The thogg would then, by my mental command,
kill
Selina. Or, how about, say, 6,
21, 3, 11?”

I quickly made the
translation, and gulped, “
Fuck.

“Um-hmm. How would you
like that?” she continued to mock. “How would you like to watch the
motorman
fuck
your sister?”

The thought sickened me to
unto death. “I
beg
you, Miss Aheb. Don’t do that. I just watched a dozen of his
kind do the same.”

“Indeed, or perhaps I
could order the motorman to fuck
you,
Mr. Phillips.” She chuckled
shrilly, in a manner that actually caused the chandelier’s myriad
crystals to clink musically together. “The sight might very well
amuse me.”

“Let my sister have her freedom, and I’ll
consent to that,” I directed.

“Ah, there you go with your chivalry again.”
The bright eyes within the maligned face narrowed on me. “Tell me,
is that what you want more than anything? Selina’s release?”

“Indisputably, yes!” Was the obscene woman
toying with me, or did I stand some unfractionable chance of
getting my sister out of here? I stepped boldly forward. “Let’s
bargain. Quid pro quo.”

“So you’d like one thing exchanged for some
other, hmm?” she tittered inhumanly. “You regard your sister with
the utmost importance, Mr. Phillips, but surely you understand that
I do as well.”

“Then what could be more
challenging than a wager?” I argued. “It’s easy to be courageous
when one has the powers of telepathy and immortality, not to
mention”—I jabbed a finger toward the motorman—“the services of a
thing like
that
 at your beck and call. Hear me, Miss Aheb. To whatever
degree this evil
Abhorrescence
has imbued you with a likeness to the
Pyramidiles, you’re still
human,
are you not? Humans are known to be intuitive,
subjective, and often even
sporting.
You can’t deny the appeal
of a good wager, can you? So let’s do that, Miss Aheb. Accept my
challenge.”

A finger dawdled over a well-sucked areola
as she deliberated over my “challenge.” “Win or lose, I see nothing
to be gained on my part. How fair is that?”

My mind clicked like an ancient abacus,
desperate for a resolving quotient. “If I win the wager, then
Selina goes free, yet I stay in her stead.”

Selina objected, “Oh, Morgan, I could never
let you!”

“Silence!” I raised my voice to her, then
returned my proposition to the grotesque madam. “I will replace her
as the trolley’s conductor as well as the deliverer of your
necessary seminal rations via the periodic ingressions.”

“Is that
all?
” she
complained.

Never one given to
crudity, I opened my trousers without hesitation, and displayed my
genitalia which, I now had on unimpeachable authority, was larger
and more enduring than that of most men. “Being a woman so carnally
inclined, I would think you might find some gratifying utility…
for
this.

Miss Aheb’s sinister eyes went wide at the
vulgarian display, just as I suspected they might.

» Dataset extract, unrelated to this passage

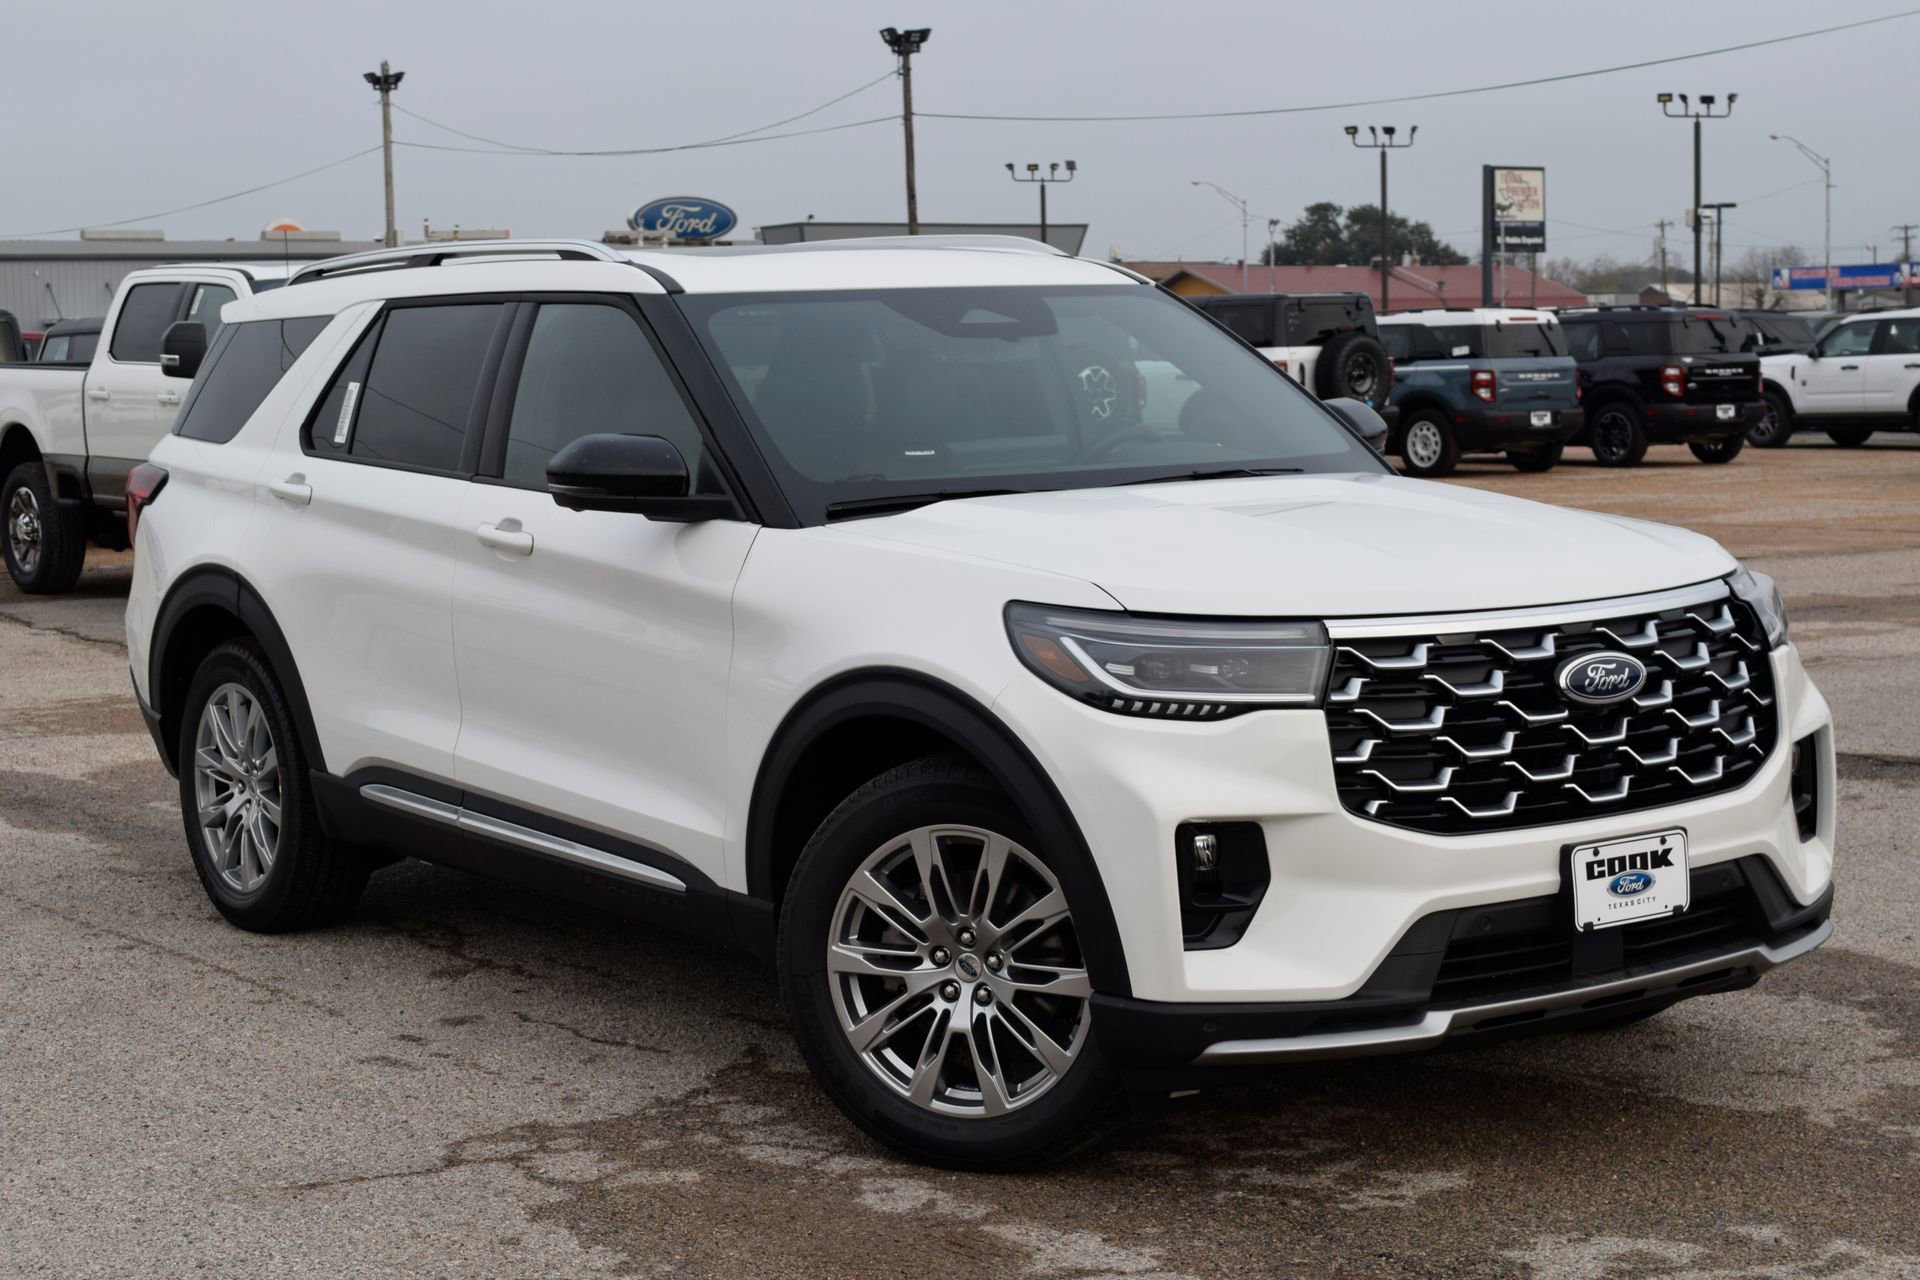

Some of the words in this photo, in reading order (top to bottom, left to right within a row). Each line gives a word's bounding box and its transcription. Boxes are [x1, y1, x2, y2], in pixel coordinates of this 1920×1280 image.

“My,” she uttered. “The rumours are no
exaggeration! It was reported to me quite early, Mr. Phillips, that
you are quite the sexual exemplar.”

Some attendant braggadocio
on my part seemed in order. “My prowess in the act of fornication
reduced five of your highly experienced prostitutes to
putty
earlier in the
evening.”

“So I’ve heard, while I’ve
also heard that the
quantity
of your dispenses of seed are most excessive.”
She rested her chin on her fingertips. “That would prove useful
around here as well.”

“And whenever you’re
feeling a thirst for pleasures of the
lesbian
variety, this thirst can
easily be quenched by any number of lascivious harlots residing
here at the club.”

“You make a most interesting point…”

“Then it’s settled,” came
my declaration. “
I
shall replace Selina and her duties as a servitor of the
Pyramidiles.”

The ill-skinned woman shrilled in amusement.
“Not so fast! As you’ve said, Mr. Phillips. One thing in exchange
of another. But I must insist that you earn the privilege of the
exchange. You’ve neglected to propose an actual wager.”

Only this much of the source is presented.